_Exercise brief_
The entries must be retyped exactly, down to the last line.

_Input data_
╔══
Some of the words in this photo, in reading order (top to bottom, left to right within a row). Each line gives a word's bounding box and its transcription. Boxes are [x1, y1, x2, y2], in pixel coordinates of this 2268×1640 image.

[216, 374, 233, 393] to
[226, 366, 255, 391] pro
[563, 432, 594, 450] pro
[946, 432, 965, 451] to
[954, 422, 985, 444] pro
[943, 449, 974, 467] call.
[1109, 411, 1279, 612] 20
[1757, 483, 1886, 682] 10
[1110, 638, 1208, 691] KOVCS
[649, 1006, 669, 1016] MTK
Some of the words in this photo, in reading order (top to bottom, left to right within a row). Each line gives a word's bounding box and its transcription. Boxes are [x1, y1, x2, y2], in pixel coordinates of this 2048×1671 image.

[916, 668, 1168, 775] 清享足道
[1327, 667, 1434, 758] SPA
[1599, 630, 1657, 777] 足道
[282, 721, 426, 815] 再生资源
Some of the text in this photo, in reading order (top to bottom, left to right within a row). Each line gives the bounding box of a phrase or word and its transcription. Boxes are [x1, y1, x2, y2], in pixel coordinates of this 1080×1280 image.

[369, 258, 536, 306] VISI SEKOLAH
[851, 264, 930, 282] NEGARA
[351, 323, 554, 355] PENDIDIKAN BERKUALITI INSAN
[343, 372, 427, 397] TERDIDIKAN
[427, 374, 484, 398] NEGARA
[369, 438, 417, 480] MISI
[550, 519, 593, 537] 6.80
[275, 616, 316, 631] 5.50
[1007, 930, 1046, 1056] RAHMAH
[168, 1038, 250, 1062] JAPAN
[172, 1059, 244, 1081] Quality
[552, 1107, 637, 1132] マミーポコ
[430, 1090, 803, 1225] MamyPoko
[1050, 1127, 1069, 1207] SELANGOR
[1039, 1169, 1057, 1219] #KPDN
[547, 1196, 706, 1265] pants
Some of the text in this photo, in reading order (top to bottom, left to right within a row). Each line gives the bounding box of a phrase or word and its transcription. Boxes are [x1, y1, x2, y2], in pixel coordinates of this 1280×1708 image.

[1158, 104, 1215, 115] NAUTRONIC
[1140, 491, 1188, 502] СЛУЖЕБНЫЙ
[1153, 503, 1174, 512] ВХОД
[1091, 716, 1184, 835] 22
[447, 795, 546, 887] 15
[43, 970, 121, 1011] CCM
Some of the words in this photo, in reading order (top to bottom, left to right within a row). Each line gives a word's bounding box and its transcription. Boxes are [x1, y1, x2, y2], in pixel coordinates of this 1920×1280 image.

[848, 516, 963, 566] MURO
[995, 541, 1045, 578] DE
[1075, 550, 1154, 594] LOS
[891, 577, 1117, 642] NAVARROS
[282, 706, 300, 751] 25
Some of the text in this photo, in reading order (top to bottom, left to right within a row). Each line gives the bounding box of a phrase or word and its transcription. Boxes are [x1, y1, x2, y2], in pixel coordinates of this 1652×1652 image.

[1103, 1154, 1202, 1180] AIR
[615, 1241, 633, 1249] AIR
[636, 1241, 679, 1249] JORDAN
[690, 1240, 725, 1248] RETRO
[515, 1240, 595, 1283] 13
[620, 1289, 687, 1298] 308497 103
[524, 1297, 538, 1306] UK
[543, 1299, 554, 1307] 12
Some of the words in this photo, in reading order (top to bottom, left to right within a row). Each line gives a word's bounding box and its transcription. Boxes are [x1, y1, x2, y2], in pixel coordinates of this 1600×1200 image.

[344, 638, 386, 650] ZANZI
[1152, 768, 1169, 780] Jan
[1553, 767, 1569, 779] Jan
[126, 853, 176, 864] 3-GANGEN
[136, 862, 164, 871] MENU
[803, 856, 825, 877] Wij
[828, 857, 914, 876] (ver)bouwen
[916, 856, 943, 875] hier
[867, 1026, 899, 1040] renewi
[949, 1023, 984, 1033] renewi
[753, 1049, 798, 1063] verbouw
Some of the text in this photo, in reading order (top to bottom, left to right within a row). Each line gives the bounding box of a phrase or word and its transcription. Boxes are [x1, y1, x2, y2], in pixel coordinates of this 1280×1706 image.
╚══
_Solution to this exercise_
Some of the words in this photo, in reading order (top to bottom, left to right within a row). Each line gives a word's bounding box and its transcription. Boxes are [x1, y1, x2, y2], in pixel coordinates of this 2268×1640 image.

[216, 374, 233, 393] to
[226, 366, 255, 391] pro
[563, 432, 594, 450] pro
[946, 432, 965, 451] to
[954, 422, 985, 444] pro
[943, 449, 974, 467] call.
[1109, 411, 1279, 612] 20
[1757, 483, 1886, 682] 10
[1110, 638, 1208, 691] KOVCS
[649, 1006, 669, 1016] MTK
Some of the words in this photo, in reading order (top to bottom, left to right within a row). Each line gives a word's bounding box and its transcription. Boxes are [x1, y1, x2, y2], in pixel coordinates of this 2048×1671 image.

[916, 668, 1168, 775] 清享足道
[1327, 667, 1434, 758] SPA
[1599, 630, 1657, 777] 足道
[282, 721, 426, 815] 再生资源
Some of the text in this photo, in reading order (top to bottom, left to right within a row). Each line gives the bounding box of a phrase or word and its transcription. Boxes are [x1, y1, x2, y2], in pixel coordinates of this 1080×1280 image.

[369, 258, 536, 306] VISI SEKOLAH
[851, 264, 930, 282] NEGARA
[351, 323, 554, 355] PENDIDIKAN BERKUALITI INSAN
[343, 372, 427, 397] TERDIDIKAN
[427, 374, 484, 398] NEGARA
[369, 438, 417, 480] MISI
[550, 519, 593, 537] 6.80
[275, 616, 316, 631] 5.50
[1007, 930, 1046, 1056] RAHMAH
[168, 1038, 250, 1062] JAPAN
[172, 1059, 244, 1081] Quality
[552, 1107, 637, 1132] マミーポコ
[430, 1090, 803, 1225] MamyPoko
[1050, 1127, 1069, 1207] SELANGOR
[1039, 1169, 1057, 1219] #KPDN
[547, 1196, 706, 1265] pants
Some of the text in this photo, in reading order (top to bottom, left to right within a row). Each line gives the bounding box of a phrase or word and its transcription. Boxes are [x1, y1, x2, y2], in pixel coordinates of this 1280×1708 image.

[1158, 104, 1215, 115] NAUTRONIC
[1140, 491, 1188, 502] СЛУЖЕБНЫЙ
[1153, 503, 1174, 512] ВХОД
[1091, 716, 1184, 835] 22
[447, 795, 546, 887] 15
[43, 970, 121, 1011] CCM
Some of the words in this photo, in reading order (top to bottom, left to right within a row). Each line gives a word's bounding box and its transcription. Boxes are [x1, y1, x2, y2], in pixel coordinates of this 1920×1280 image.

[848, 516, 963, 566] MURO
[995, 541, 1045, 578] DE
[1075, 550, 1154, 594] LOS
[891, 577, 1117, 642] NAVARROS
[282, 706, 300, 751] 25
Some of the text in this photo, in reading order (top to bottom, left to right within a row). Each line gives the bounding box of a phrase or word and its transcription. Boxes are [x1, y1, x2, y2], in pixel coordinates of this 1652×1652 image.

[1103, 1154, 1202, 1180] AIR
[615, 1241, 633, 1249] AIR
[636, 1241, 679, 1249] JORDAN
[690, 1240, 725, 1248] RETRO
[515, 1240, 595, 1283] 13
[620, 1289, 687, 1298] 308497 103
[524, 1297, 538, 1306] UK
[543, 1299, 554, 1307] 12
Some of the words in this photo, in reading order (top to bottom, left to right within a row). Each line gives a word's bounding box and its transcription. Boxes are [x1, y1, x2, y2], in pixel coordinates of this 1600×1200 image.

[344, 638, 386, 650] ZANZI
[1152, 768, 1169, 780] Jan
[1553, 767, 1569, 779] Jan
[126, 853, 176, 864] 3-GANGEN
[136, 862, 164, 871] MENU
[803, 856, 825, 877] Wij
[828, 857, 914, 876] (ver)bouwen
[916, 856, 943, 875] hier
[867, 1026, 899, 1040] renewi
[949, 1023, 984, 1033] renewi
[753, 1049, 798, 1063] verbouw
Some of the text in this photo, in reading order (top to bottom, left to right within a row). Each line gives the bounding box of a phrase or word and its transcription. Boxes are [x1, y1, x2, y2], in pixel coordinates of this 1280×1706 image.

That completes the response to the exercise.